Para completar a trinca, em troca de medidas de estímulo econômico e do afrouxamento do combate à pandemia de covid-19, representantes de 15 entidades do setor industrial se prestaram ao papel de guarda-costas numa das mais intimidatórias demonstrações de força contra a autoridade do Poder Judiciário nestes 35 anos de nossa história democrática.
Longe de querer defender o indefensável – não há justificativas para uma ruptura institucional que suprimiu por três décadas nossa liberdade e o exercício da cidadania, sem falar nos crimes cometidos contra a humanidade – a tentativa bolsonarista de ameaçar a democracia se diferencia do movimento golpista de 1964 pela ausência de um projeto de país.
A aliança entre as Forças Armadas, a elite empresarial e os grupos políticos conservadores que derrubou João Goulart em 1964 foi forjada ao longo de anos no seio de instituições como a Escola Superior de Guerra (ESG), o Instituto de Pesquisas e Estudos Sociais (Ipes) e o Instituto Brasileiro de Ação Democrática (Ibad) e as fileiras da União Democrática Nacional (UDN) e de setores do Partido Social Democrático. O golpe de 31 de março levou ao poder uma elite militar, empresarial e política que se ancorava não apenas numa ideologia de direita, mas numa agenda geopolítica e econômica alicerçada em projetos encomendados a intelectuais e técnicos de renome.
Nesses 56 anos que nos separam do golpe de 1964, muita coisa mudou nas Forças Armadas, na política e na economia brasileira. Não se trata das pessoas, mas das instituições.
Os militares que assumiram o poder em 1964 constituíam, junto com diplomatas do Itamaraty, a elite do setor público brasileiro à época. Selecionados por concurso, recebiam treinamento contínuo e as melhores remunerações – além de gozarem de grande prestígio político e social. Dada a importância brasileira no xadrez geopolítico do pós-guerra, os oficiais das Forças Armadas receberam treinamento militar norte-americano e construíram seu projeto para o país no contexto da Guerra Fria.
Um cenário muito diferente se vê hoje.
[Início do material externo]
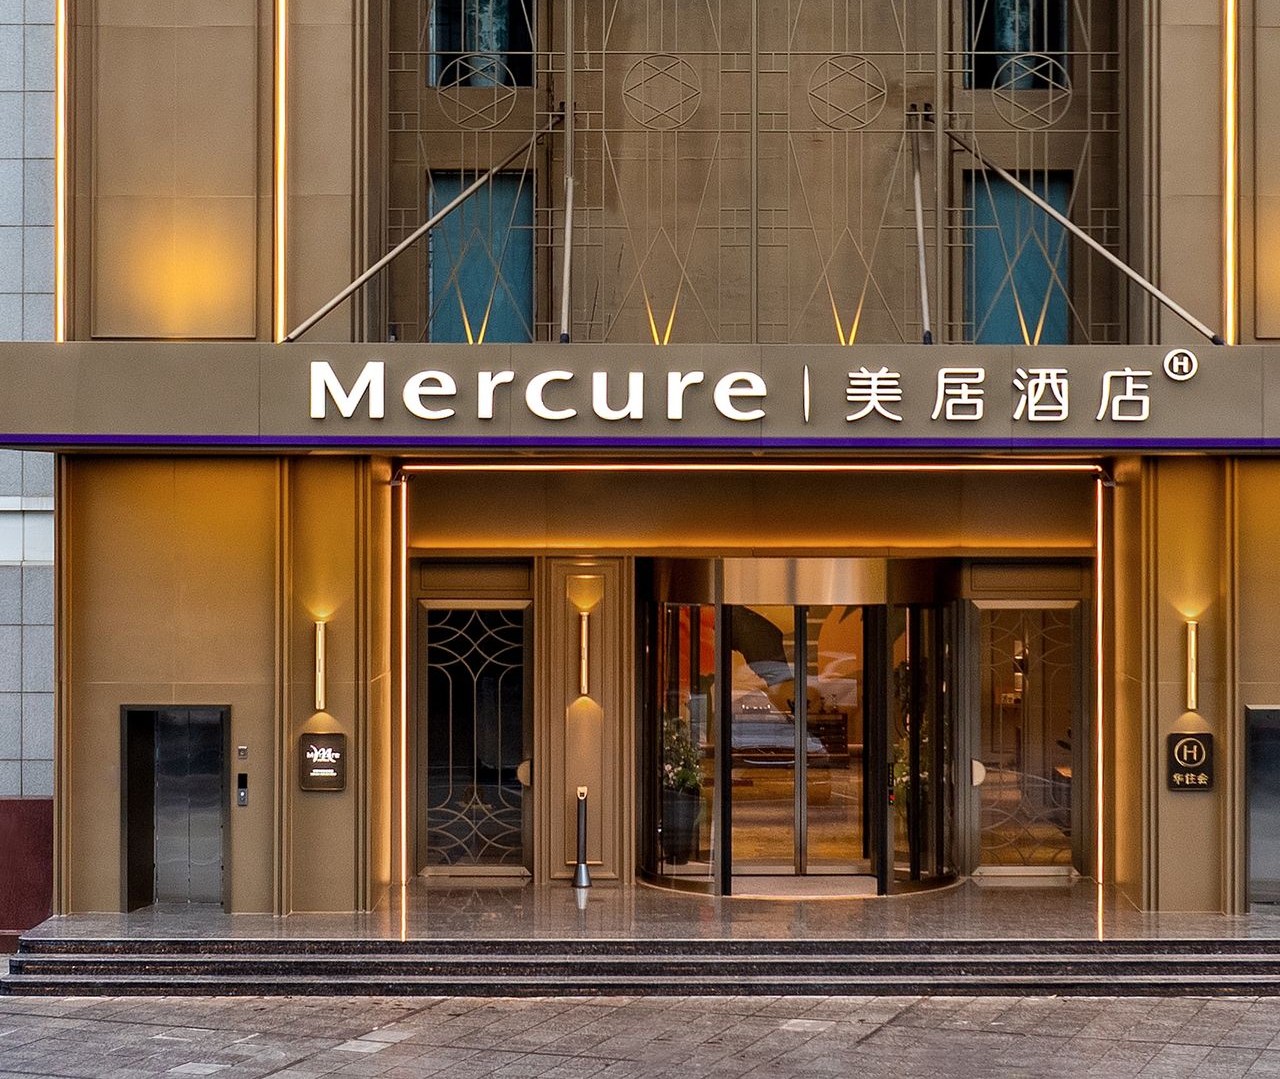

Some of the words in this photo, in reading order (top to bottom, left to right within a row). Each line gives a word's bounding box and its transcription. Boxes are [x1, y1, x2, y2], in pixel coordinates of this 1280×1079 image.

Com a retomada da democracia, as Forças Armadas perderam muito do seu protagonismo político, ao mesmo tempo em que orçamentos minguados e o congelamento de soldos tornaram suas carreiras cada vez menos atrativas. Os atuais ministros Wagner Rosário e Tarcísio de Freitas são exemplos de militares que pediram baixa do Exército depois de terem sido aprovados em concursos para carreiras civis. A pressão dos militares sobre Bolsonaro para ficarem de fora da reforma da Previdência e do esforço fiscal no combate à covid-19 demonstram que seu projeto corporativista está acima das necessidades do país.
Mesmo diante de tudo que vimos durante o mensalão e a Lava-Jato, a associação de Bolsonaro com o pior do Centrão, representado por Roberto Jefferson, escancara a voracidade com que se atacam os recursos públicos em troca de apoio político, agora numa nova roupagem do velho presidencialismo de cooptação.
Por fim, a fila de empresários de pires na mão se colocando a serviço de um presidente que ameaça o STF é o melhor retrato de uma indústria que, ao longo de décadas, não aprendeu a ser eficiente e a enfrentar as crises sem a proteção generosa do Estado, oferecendo fechamento de mercado, crédito subsidiado do Banco Nacional de Desenvolvimento Econômico e Social e incentivos fiscais. Para tirar seus CNPJs da UTI, vale até mesmo marchar contra o STF.
Nada ilustra melhor o vazio e o oportunismo da aventura autoritária de Bolsonaro do que o powerpoint de Braga Netto, os tweets de Roberto Jefferson e a passeata da “Coalizão Indústria” do Palácio do Planalto ao Supremo Tribunal Federal.
*Bruno Carazza é mestre em economia, doutor em direito e autor de “Dinheiro, Eleições e Poder: as engrenagens do sistema político brasileiro”.